Would you please output the lines from the one holding "this 1504×1334 image." to the end of the entries, exactly and with no others?
======== EXERCISE INPUTS
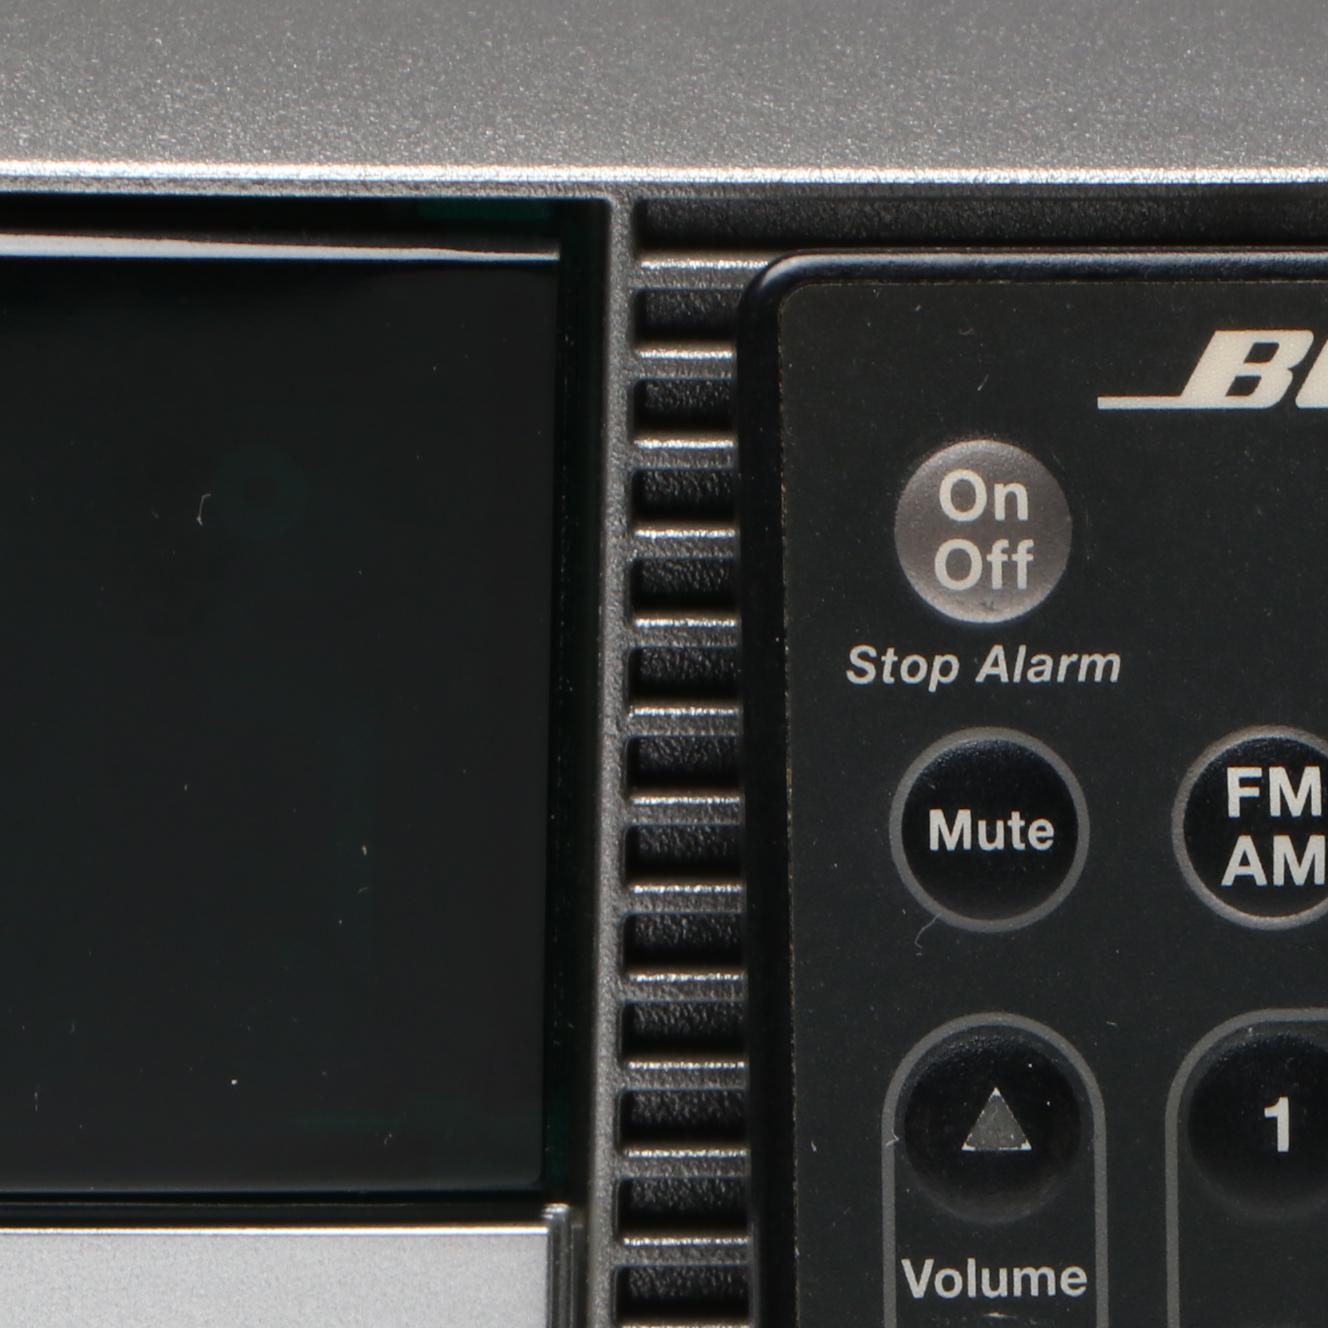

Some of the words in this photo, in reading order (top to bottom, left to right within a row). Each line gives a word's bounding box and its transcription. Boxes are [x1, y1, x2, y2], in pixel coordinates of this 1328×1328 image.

[938, 468, 1029, 522] On
[934, 538, 1034, 592] Off
[846, 644, 960, 693] Stop
[975, 644, 1121, 683] Alarm
[1226, 766, 1322, 818] FM
[929, 809, 1055, 851] Mute
[1221, 834, 1326, 886] AM
[1264, 1096, 1290, 1152] 1
[901, 1257, 1088, 1299] Volume
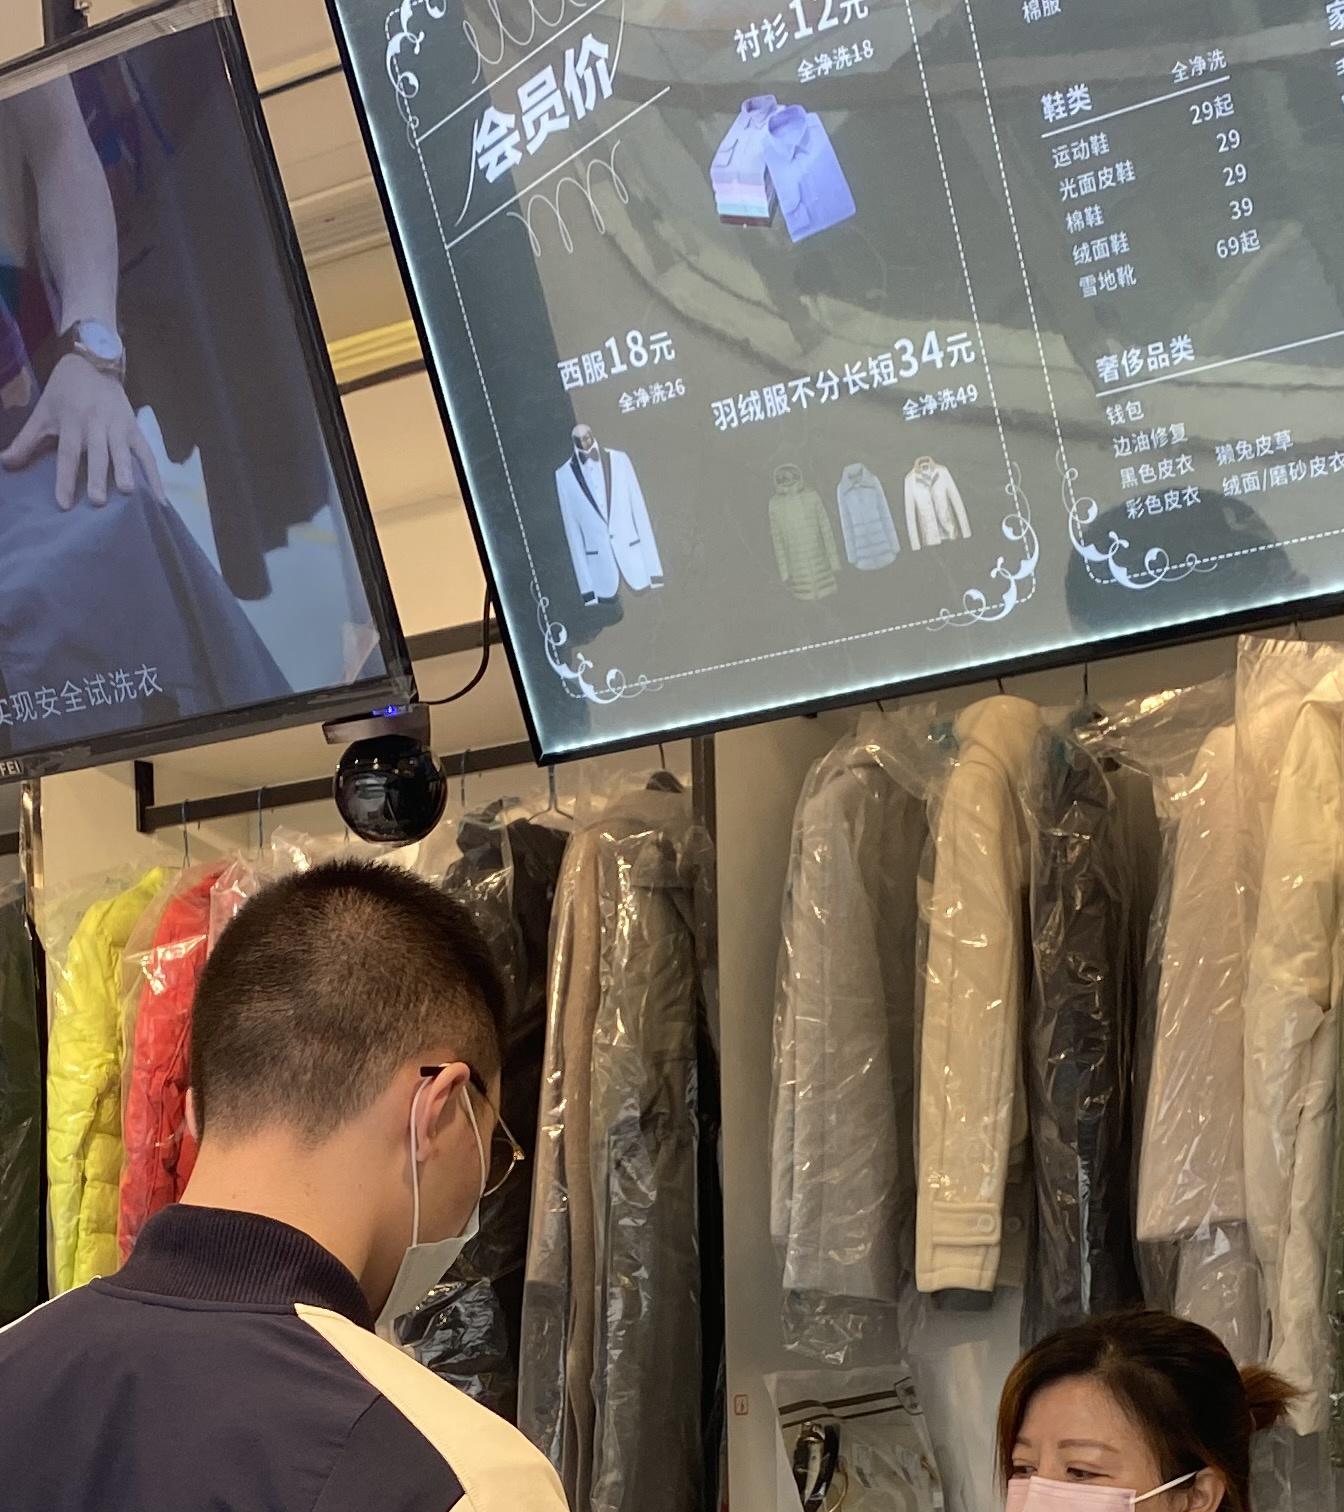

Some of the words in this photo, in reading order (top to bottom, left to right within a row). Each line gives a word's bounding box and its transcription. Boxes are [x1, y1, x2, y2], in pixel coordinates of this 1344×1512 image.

[734, 0, 868, 61] 衬衫12元
[797, 40, 874, 83] 全净洗18
[1170, 48, 1227, 84] 全净洗
[476, 33, 613, 183] 会员价
[1040, 83, 1093, 123] 鞋类
[1190, 93, 1235, 125] 29起
[1052, 131, 1110, 168] 运动鞋
[1216, 128, 1241, 153] 29
[1059, 159, 1136, 201] 光面皮鞋
[1222, 163, 1247, 187] 29
[1065, 203, 1105, 234] 棉鞋
[1229, 197, 1254, 221] 39
[1072, 231, 1130, 266] 绒面鞋
[1216, 229, 1261, 259] 69起
[1078, 263, 1137, 299] 雪地靴
[557, 328, 676, 391] 西服18元
[1095, 333, 1196, 384] 奢侈品类
[617, 376, 686, 415] 全净洗26
[711, 330, 976, 431] 羽绒服不分长短34元
[901, 384, 979, 422] 全净洗49
[1105, 399, 1145, 427] 钱包
[1112, 422, 1188, 459] 边油修复
[1119, 453, 1195, 489] 黑色皮衣
[1126, 485, 1201, 520] 彩色皮衣
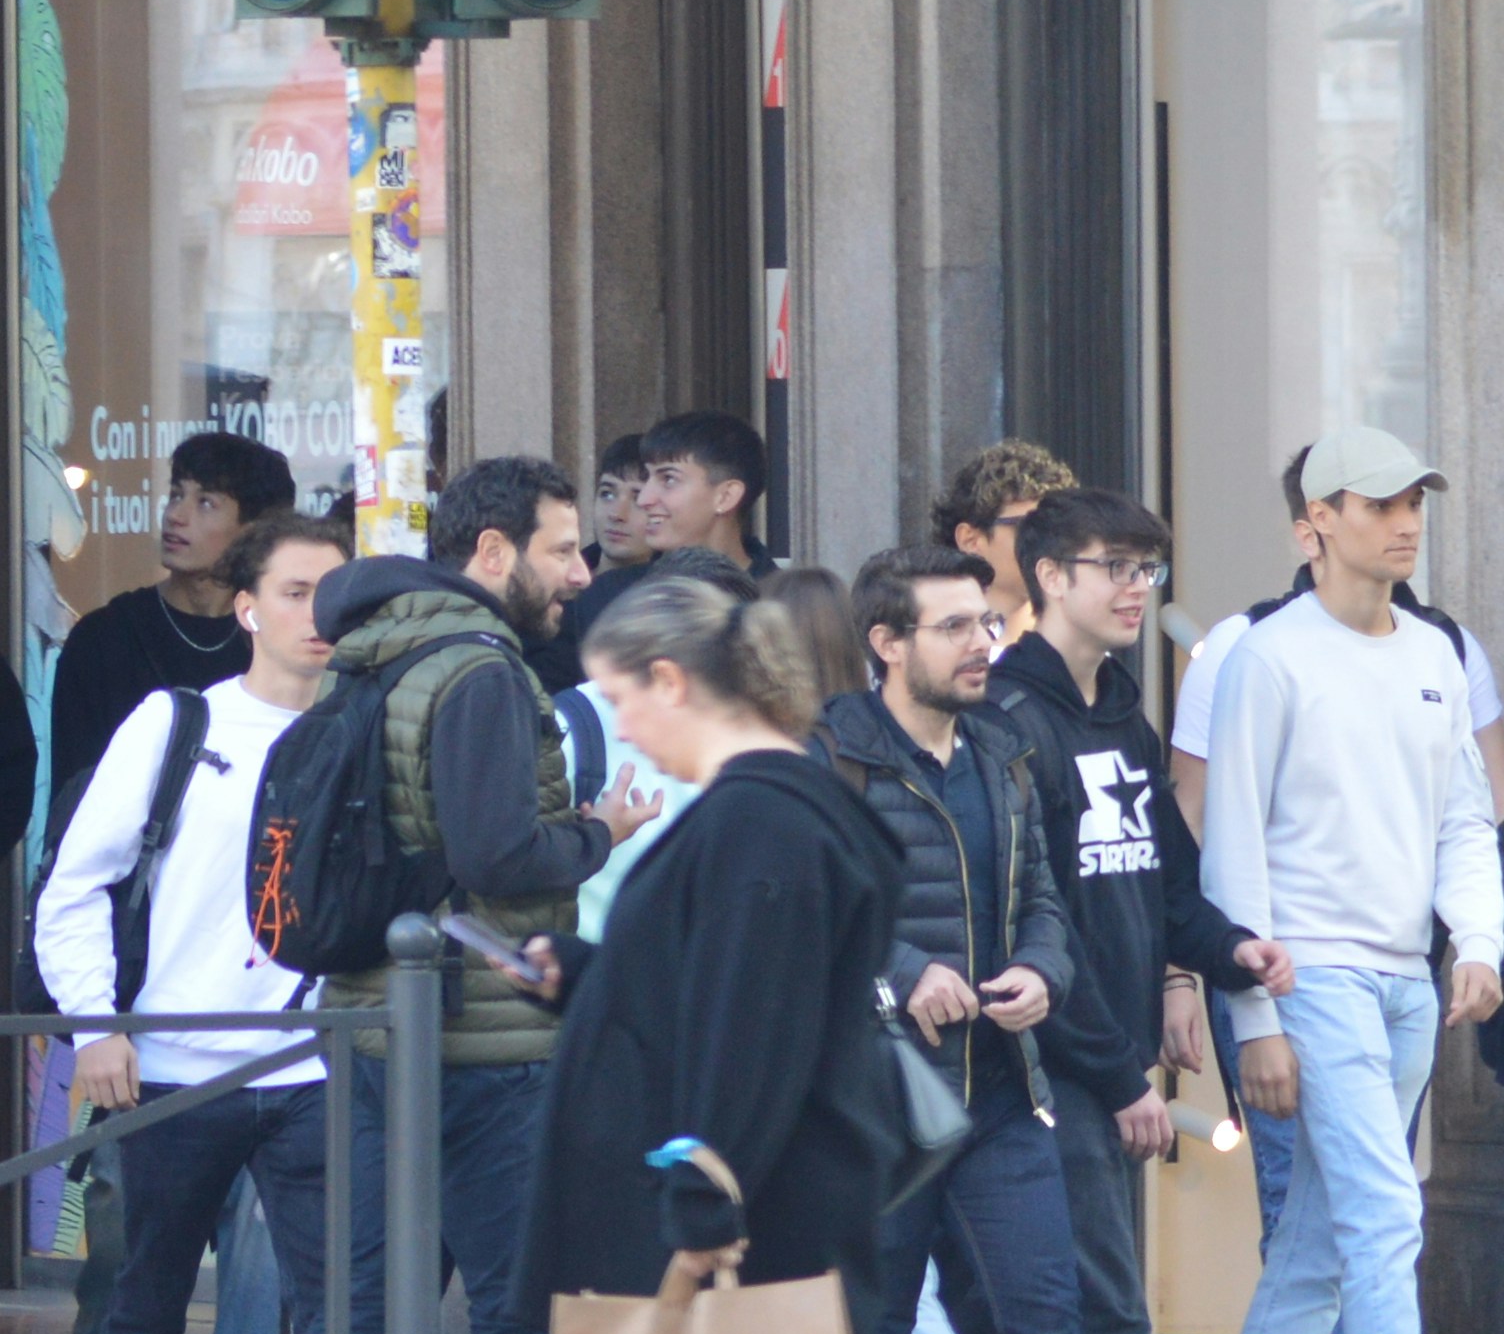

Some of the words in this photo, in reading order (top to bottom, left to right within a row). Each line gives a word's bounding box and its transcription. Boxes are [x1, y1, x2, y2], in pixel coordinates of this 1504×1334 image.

[90, 405, 137, 461] Con
[142, 405, 150, 458] i
[156, 407, 219, 457] nui
[225, 402, 297, 457] KOBO
[91, 481, 98, 534] i
[104, 480, 150, 535] tuoi
================
◆ **RESPONSE FOR THIS EXERCISE**
Some of the words in this photo, in reading order (top to bottom, left to right within a row). Each line gives a word's bounding box and its transcription. Boxes are [x1, y1, x2, y2], in pixel coordinates of this 1504×1334 image.

[90, 405, 137, 461] Con
[142, 405, 150, 458] i
[156, 407, 219, 457] nui
[225, 402, 297, 457] KOBO
[91, 481, 98, 534] i
[104, 480, 150, 535] tuoi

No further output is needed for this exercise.